We saw several kinds of animals; most were new to us. We came across two species of crayfish: cave spring crayfish and cave crayfish. Not only that, we also saw two species of salamanders: cave salamander and Tennessee cave salamander. Tetracion, also called cave millipedes, were the oddest animals we saw. However, the oddest organism we encountered was mold growing on a dead cricket. If you are like me, a person who is scared of wiggly things, such as worms, beware of the mud pile near the entrance because it is full of worms. I discovered this unpleasant surprise when I started climbing the hill to explore an upper passage. To me, it was gross. EWWW!!!!!

Moldy cave cricket
Moldy cave cricket. This is not the one we saw, but that’s pretty much what they look like.
Photo credit Alan Cressler.

Caves are mysterious and full of wonder, but they are also very delicate and easily damaged environments. The formations are cool, but delicate. The prettiest formations (in my opinion) are the calcite pools. Can you guess what happened that made me really mad and sad? What happened is that people destroyed some of the formations! I don’t know if they did it on purpose, hopefully they didn’t. We saw several examples of vandalism: trampled calcite pools, some NOT accurate words scratched into a fossilized rock, and muddy handprints on pure white calcite. The damage done will most likely last long past our lifetimes.

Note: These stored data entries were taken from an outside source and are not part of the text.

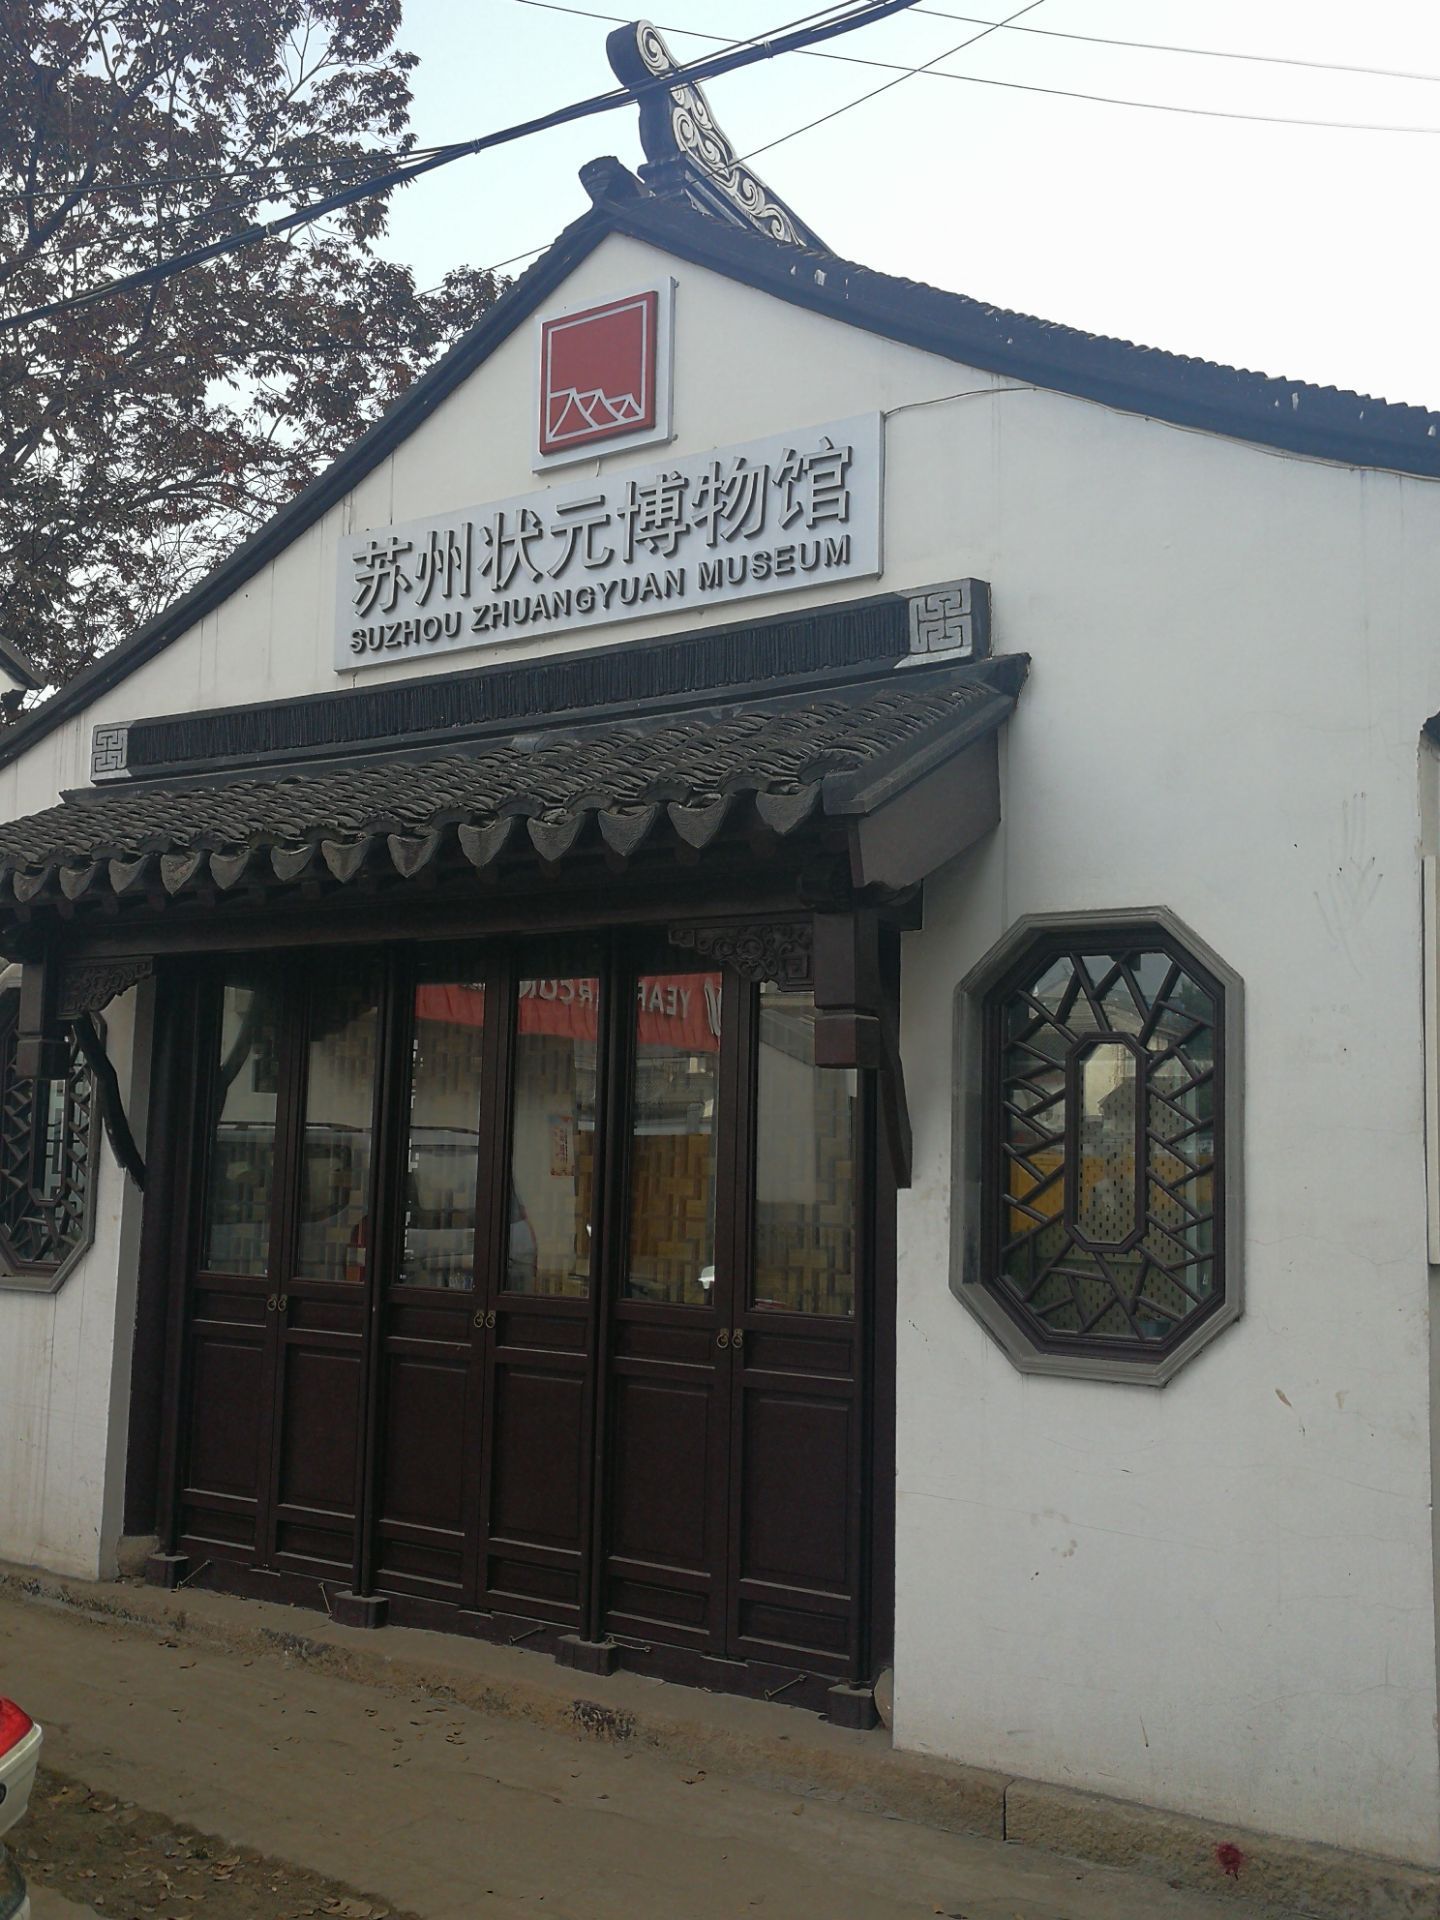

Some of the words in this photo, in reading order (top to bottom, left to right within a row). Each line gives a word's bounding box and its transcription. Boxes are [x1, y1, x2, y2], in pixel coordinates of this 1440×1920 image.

[350, 611, 462, 653] SUZHOU
[470, 567, 685, 632] ZHUANGYUAN
[698, 534, 851, 590] MUSEUM
[352, 436, 852, 617] 苏州状元博物馆
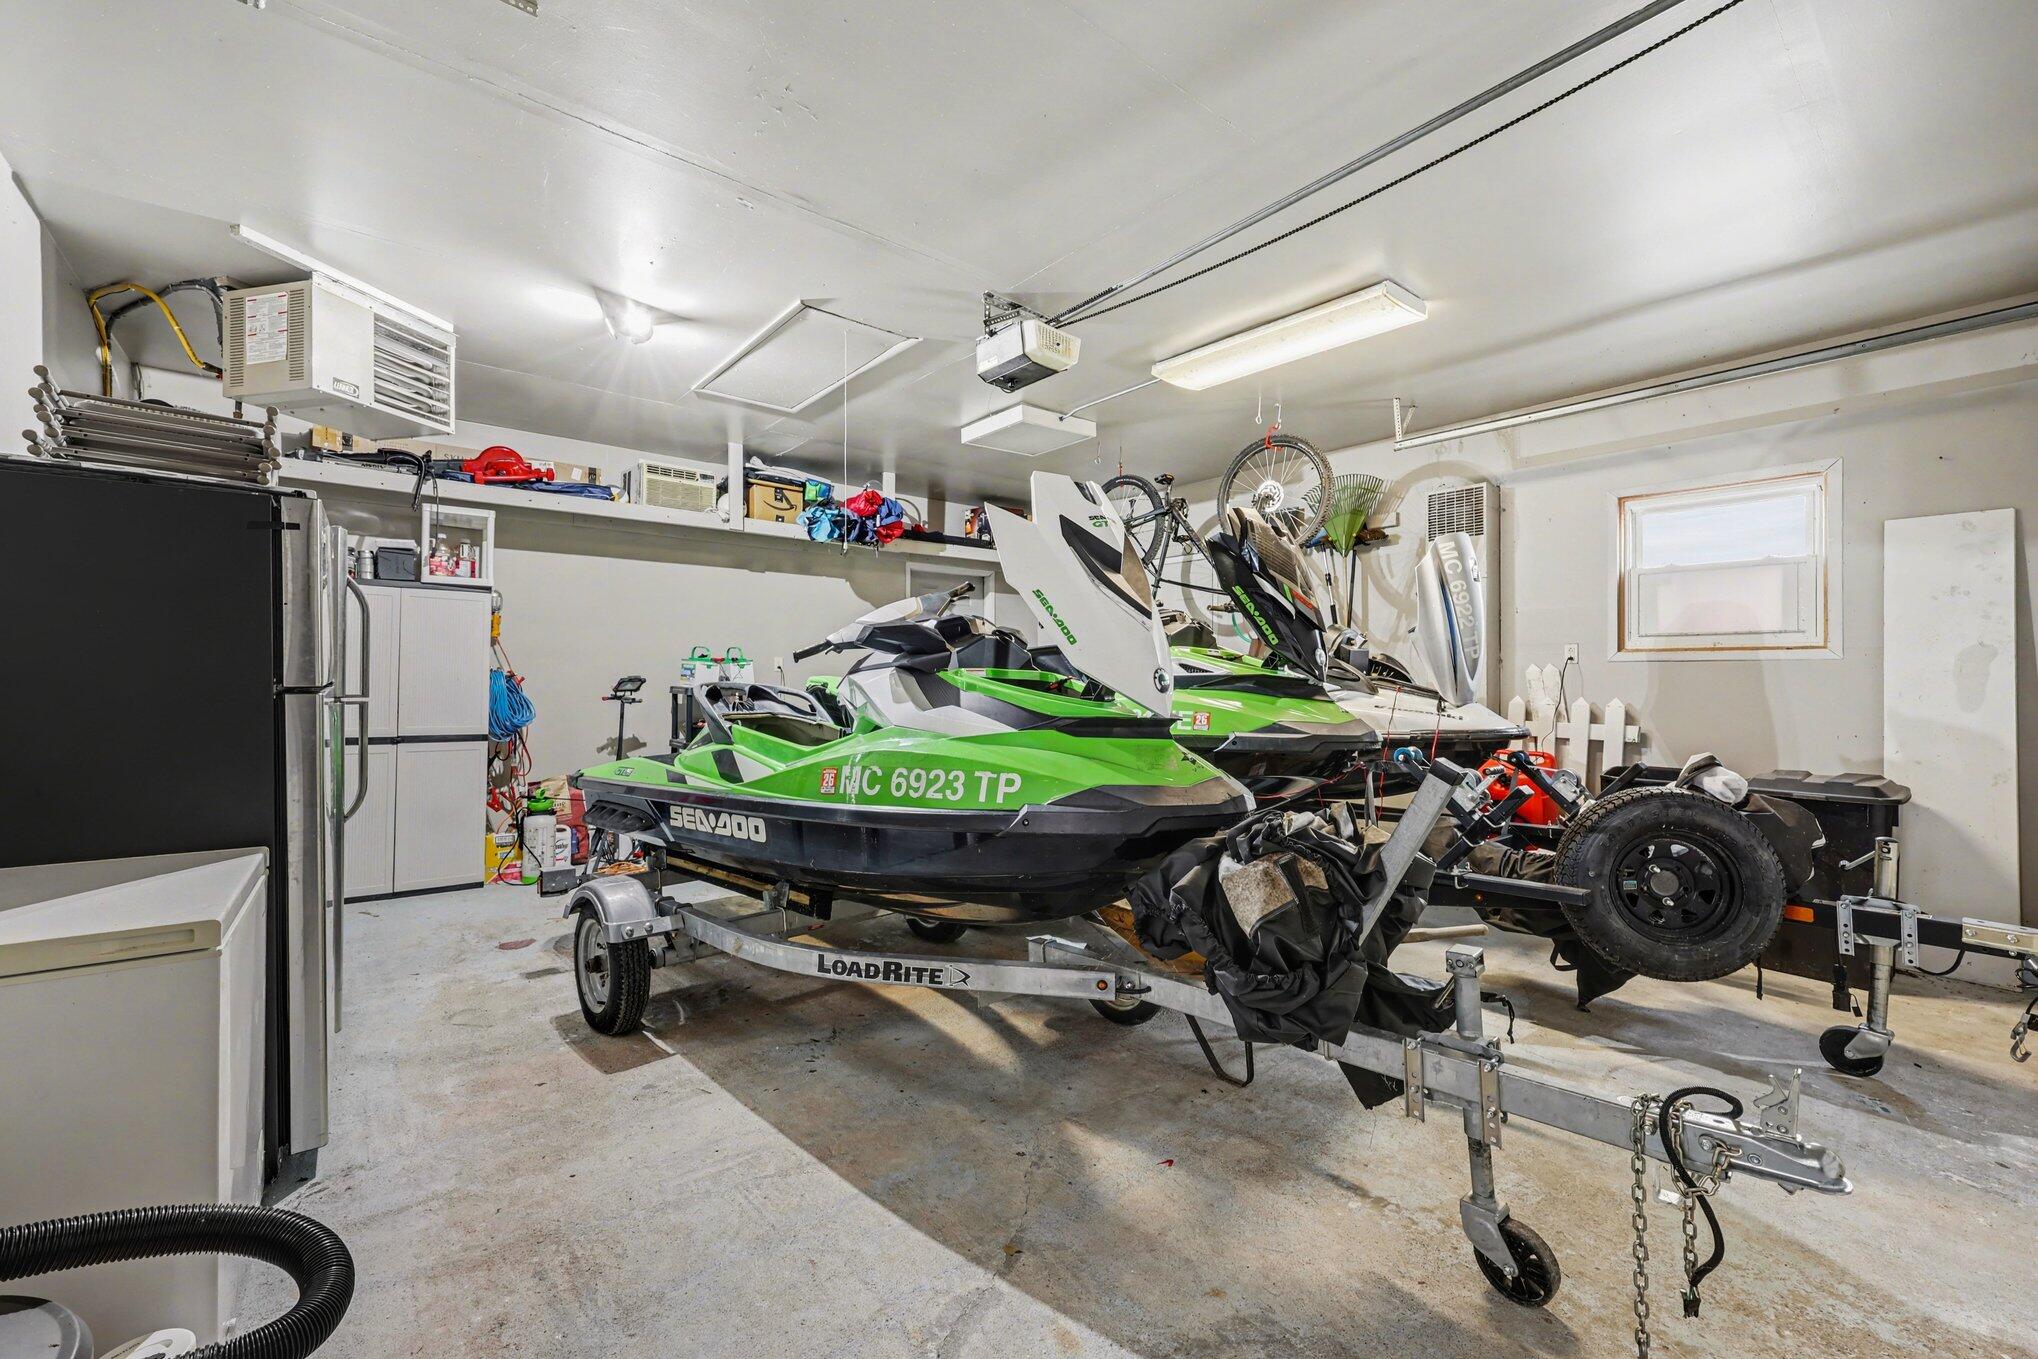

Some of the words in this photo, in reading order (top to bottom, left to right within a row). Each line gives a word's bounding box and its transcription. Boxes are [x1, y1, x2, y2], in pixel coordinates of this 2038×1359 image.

Look at these amazing speleothems! Stalagmites, stalactites, drapery, soda straws…
Photo Credit here and featured image belongs to Sunguramy Photography.

Sorry, I can’t tell you where this cave is. If you want to see it, you will have to ask a member of the Huntsville Grotto.

Be Prepared

It is important to be prepared before spelunking, which is a funny word for caving. You will need proper equipment and supplies, important information about the cave, and recent weather reports. Always remember it is never safe to cave alone, so you need to go with at least three other people.

Cave in groups of 4 or more for safety
Cave in groups of four or more.

Inside a wild cave, it is pitch black because you are underground. Therefore, you should always have three light sources: just in case you lose the first and the second light, you still have a third. Your light sources can be from a headlamp, a phone, a flashlight, or a combination of these. Without light, you won’t be able to navigate, which is dangerous and terrifying.

Sliding down a muddy hill in Tumbling Rock
You never know what terrain you’ll encounter. Being prepared is very important.

You need to dress appropriately, so that means not wearing your fanciest gown or tuxedo. One reason you should dress appropriately is because there are usually wet or cold conditions, tight spaces, uneven terrain. Like hiking, clothes worn for caving should be quick dry. Remember: cotton kills. I wear a non-cotton base layer to keep warm and comfortable. Over that, I wear sturdy shorts and shirt to protect my base layer from tearing on the rocks. While caving, chances are you will be walking over rocky terrain. For better traction and  warmth, I wear hiking boots and thick wool socks. Wool stays warm when wet: so if your feet get wet, they won’t be cold. To protect from bumps and abrasions, you will need a helmet, gloves, and knee pads. In some caves you will need to use elbow pads. Yonder Girl tip: get soft knee pads for extra grip.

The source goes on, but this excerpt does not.